Glutamate modulators, such as N-acetylcysteine and memantine, have also been studied for their potential in treating trichotillomania. These compounds may help reduce compulsive behaviors by enhancing glutamate activity in the nucleus accumbens. (21) A recent randomized controlled trial by Grant et al. assessed memantine’s effectiveness in decreasing hair-pulling and skin-picking behaviors. In this study, one hundred participants were randomly assigned to receive either memantine or placebo over 8 weeks. The findings demonstrated that those treated with memantine have significant improvements in symptom severity, disability, and overall impressions compared to the placebo group. (30) Additionally, in a 12-week double-blind, placebo-controlled trial involving 50 adults with trichotillomania, participants treated with N-acetylcysteine had significantly greater reductions in trichotillomania symptoms, with clinical improvements observed as early as 9 weeks after starting treatment. (21)

Several other medication classes are being explored as possible treatments for trichotillomania. A case study highlighted the effectiveness of valproate, an anticonvulsant, in a 13-year-old patient with persistent motor tic disorder and trichotillomania. Monotherapy with valproate (1,200 mg daily) resulted in a reduction in both the severity and frequency of tics as well as a marked decrease in hair-pulling behavior. (31) Naltrexone, an opioid antagonist, is utilized in the treatment of alcohol dependence due to its effects on the limbic system. Its ability to influence reward pathways has made it an agent of interest for treating other impulsion-driven behaviors, including trichotillomania, or hair-pulling. (32) However, research on naltrexone’s effectiveness for trichotillomania treatment is limited, and the results vary. In an open-label pilot study involving 14 participants with adult-onset trichotillomania, 11 of them were found to show positive changes in their hair-pulling behaviors after receiving naltrexone. (33)

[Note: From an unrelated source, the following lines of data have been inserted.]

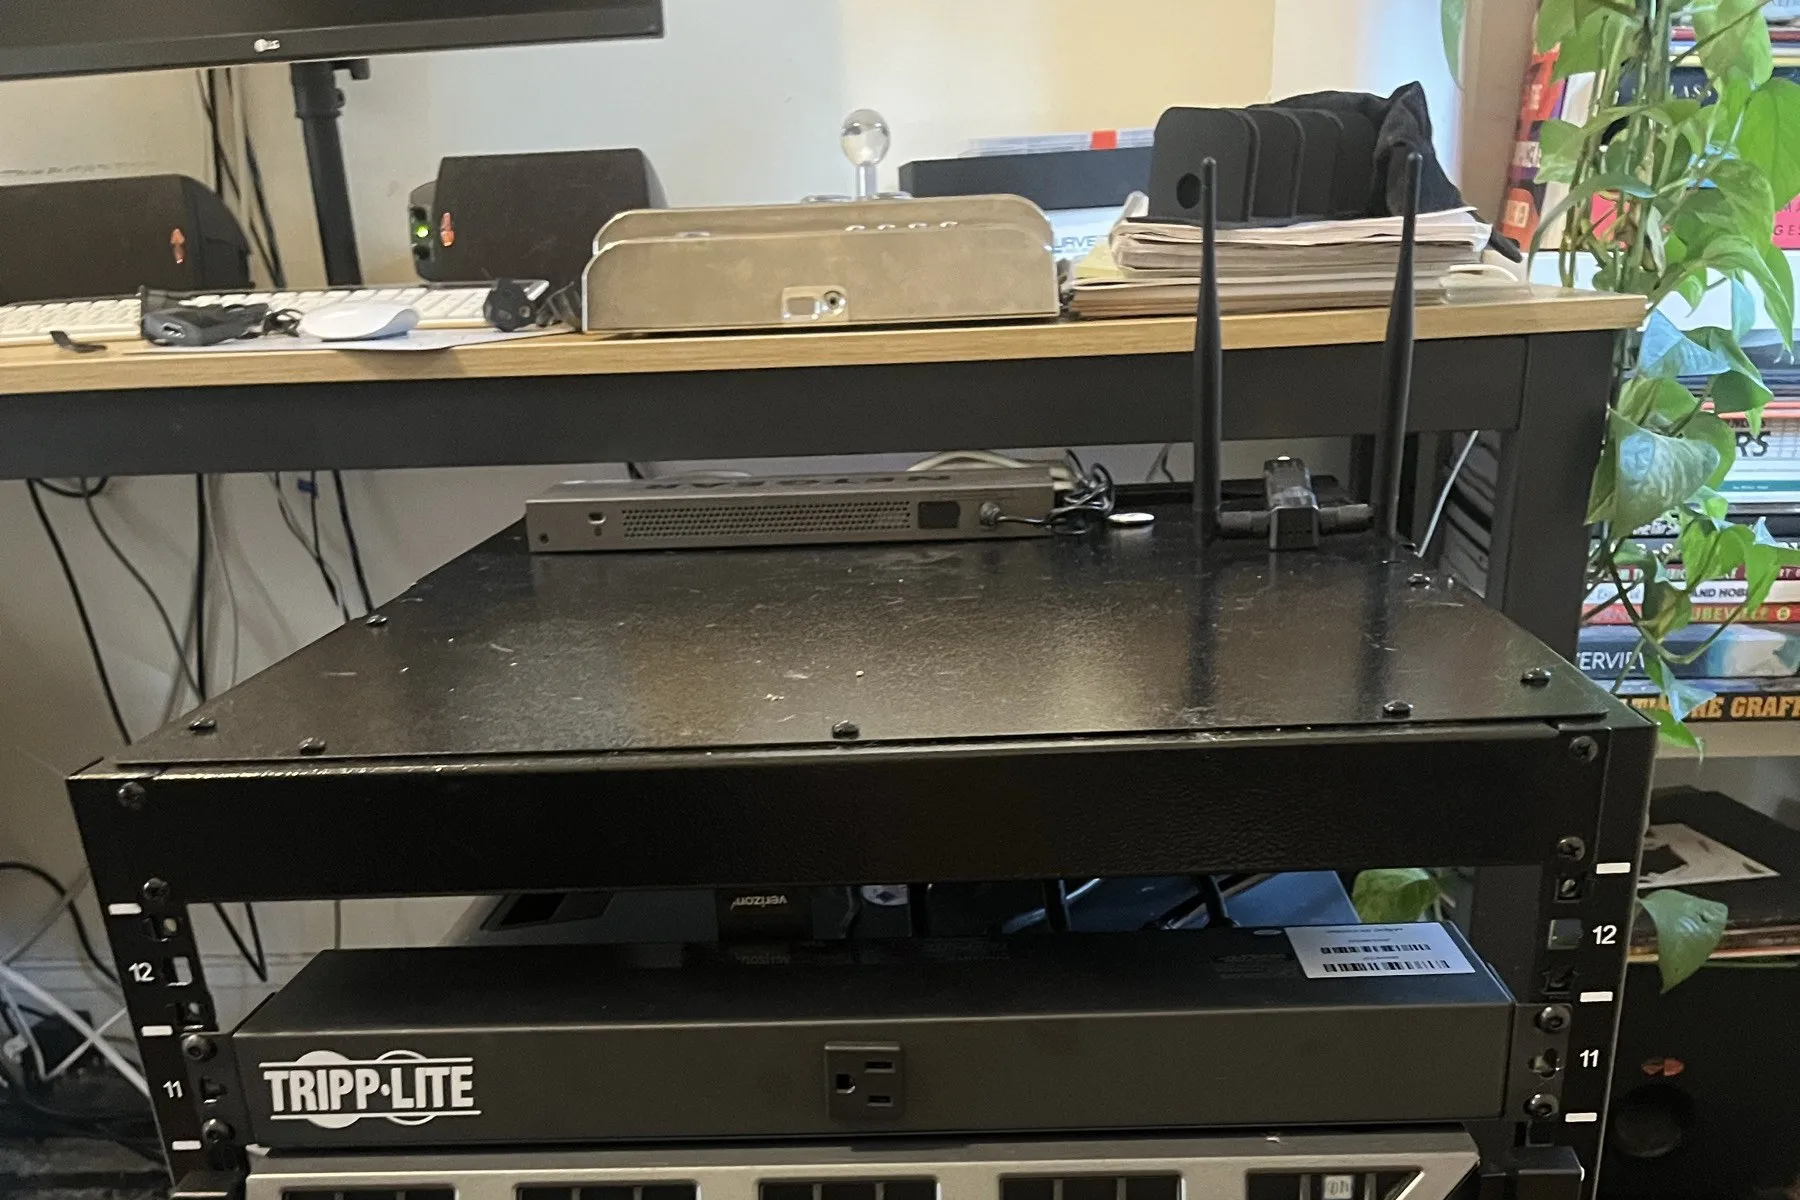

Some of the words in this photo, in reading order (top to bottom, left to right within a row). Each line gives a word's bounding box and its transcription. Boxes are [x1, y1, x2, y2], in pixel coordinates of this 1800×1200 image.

[731, 895, 787, 910] verizon
[1592, 924, 1618, 945] 12
[128, 961, 156, 982] 12
[1579, 1049, 1600, 1068] 11
[162, 1080, 184, 1099] 11

Another cannabinoid agent, dronabinol, may reduce glutamate-induced neuronal excitation when taken orally, which aids in reducing compulsive behaviors linked to trichotillomania symptomatology. In an open-label treatment trial of 14 female patients with trichotillomania, significant reductions in hair pulling after 12 weeks of treatment were recorded. (34)

Conclusion

Trichotillomania is a chronic condition that frequently causes significant psychosocial dysfunction and that can, in rare cases, lead to life-threatening medical issues. Managing hair pulling is therefore critical for maintaining long-term health and enhancing the quality of life.

Although it has recently been recognized as a distinct disorder, there are still considerable gaps in knowledge regarding its underlying pathophysiology, diagnostic criteria, and effective treatment options. Many different treatment approaches have been introduced to reduce these repetitive behaviors. While pharmacological interventions have shown mixed results, they tend to be more effective with comorbid depression, anxiety, and OCD. Further trials are required to identify other effective medications for TTM and to assess the relative effectiveness of current options. Among psychotherapies, habit reversal training HRT has demonstrated the most success rates in treating trichotillomania and has the strongest evidence base for reducing trichotillomania symptoms.